Of topic but electric toothbrushes give a better result in most cases.
Poor result ends up being expensive.

How to open and start your car is another question.

But the thieves can easily buy stuff to jamm the 3G/4G and GPS signal from the car. But this is a operation that requires a lot of logistics and a nearby garage with forklift and so on.

Solution: Bring the car to a slow stop when the key is not inside the car.

All my cars don’t start if key is not in the car…are you sure Tesla is not the same?

You have to pay extra for that technology. No wonder the insurance rates are so high. My 1996 Honda Odyssey is looking better all the time and dont care if it is stolen. I drive it to the Walmart parking lot and dont worry about it….lol

I don’t think it’s the fob. I think it’s the lack of two factor auth on the mobile app. Once you obtain or guess the username and password combo from an android phone malware or a gullible owner having entered it into a third party app, you can locate, open and drive away the car.

Nevertheless, other makers cars, without apps but with keyless entry, have gotten stolen the same way. I haven’t seen any other explanation than the use of a signal booster, picking up the fobs signal and using it to gain entry to the car.

Add facial recognition, or a pin/swipe-pattern to allow your car to start.

Allow the owner to temporarily disable for valet mode.

Yeah, virtual Silicon Valley approach to hardware problem, add facial recognition :/

And here is real life approach: a screwdriver and few seconds to remove covers and connect some antennas and wires inside in standard location removes any “recognition”. Custom alarm installation may make things more complicated to random junkies, but not to professional thieve gangs.

Can you rephrase? Not following your post.

Software protections are next to useless in this case when you have hardware access. Especially when it is standard hardware manufactured in many thousands and can be reverse engineered in advance.

Unless the software is setup to detect tampering of the hardware.

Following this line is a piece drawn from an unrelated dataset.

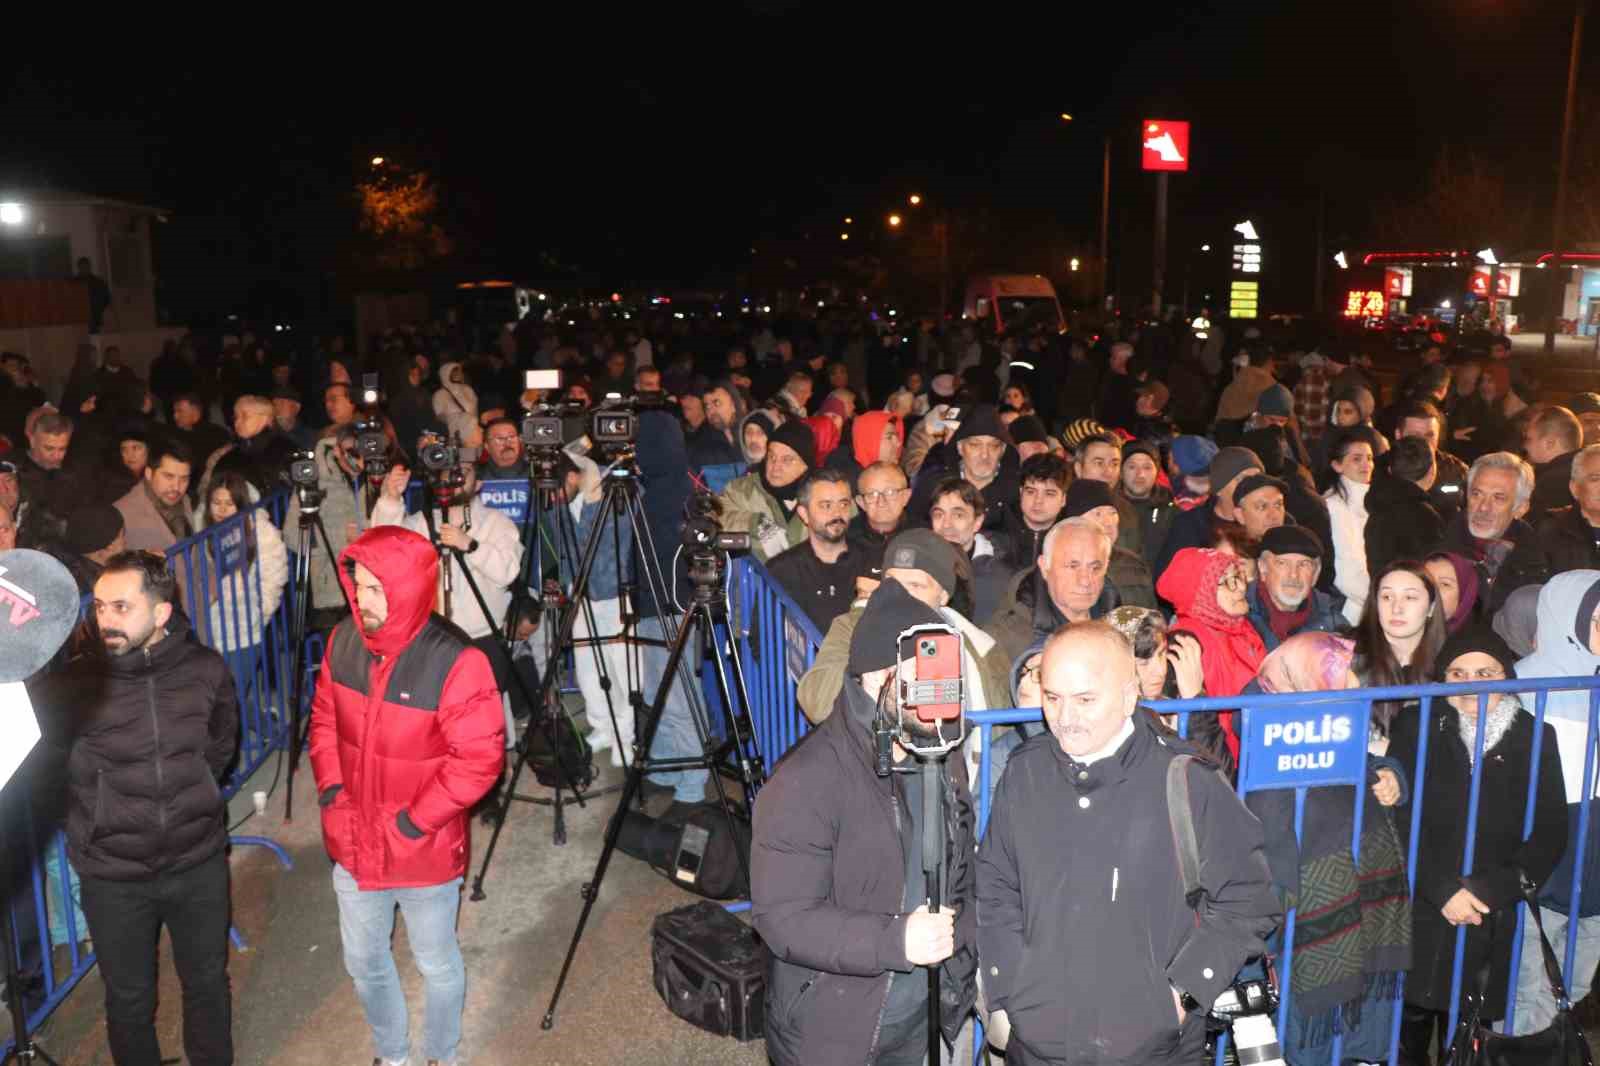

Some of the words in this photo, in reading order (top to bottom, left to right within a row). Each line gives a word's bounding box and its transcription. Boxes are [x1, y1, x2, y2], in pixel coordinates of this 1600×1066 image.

[481, 489, 528, 505] POLİS
[1264, 714, 1352, 747] POLİS
[1278, 750, 1336, 771] BOLU

Another Euro point of view

Why does things needs to be made so complicated for a thing that is basically a transportation mean. I guess that the more people surround themselves with over complicated electronic items they need to master the more conveniently they can distract themselves about the disturbing question of actually getting a life.

That said, getting a life starts by spending limited time on the internet and about no time at all in the “comments section”. So see you in a quarter :-).

Expensive cars are stolen in Western Europe for decades and no silly fobs or GPS trackers are going to stop it. Alarms can be quickly found and silenced, a car moved to van covered in aluminum foil inside to block any communication if nothing better is figured out. Within hours it is disassembled or transferred as whole to Russia and other lawless countries with help of corrupt border officials or actual car owners who want to get rid of expensive payments and give all the fobs to thieves for minimal payment, with promise “do not notice” for a day that their car has disappeared.


Determined professional car thieves are going to target expensive cars. Auto makers can make stealing high-end cars more difficult, but they can’t stop the really dedicated and talented thieves.

Build a higher wall, and the professional thieves will just build a higher ladder.

I saw a documentary on this called “Gone in 60 seconds”.

The troll is again trolling and this time with a touch of Tesla bashing, Russophobia and blaming owners as criminals.

Yeah, I suspect any stolen Tesla will be torn apart and sold as spare parts.

Tesla could help combat this by making it easier to get parts for their cars at reasonable prices. But that’s probably a profit center.

That’s a good point. Who is buying these stolen parts? Are there hundreds of Tesla owners doing their own repairs?

The thieves mainly need the batteries. Each batterycell cost $ 5.00 a piece in the real world. More then 7000 pcs and a market screaming for them DIY guys pay $2.00 a pice.

If Tesla get stolen is it then called Edison?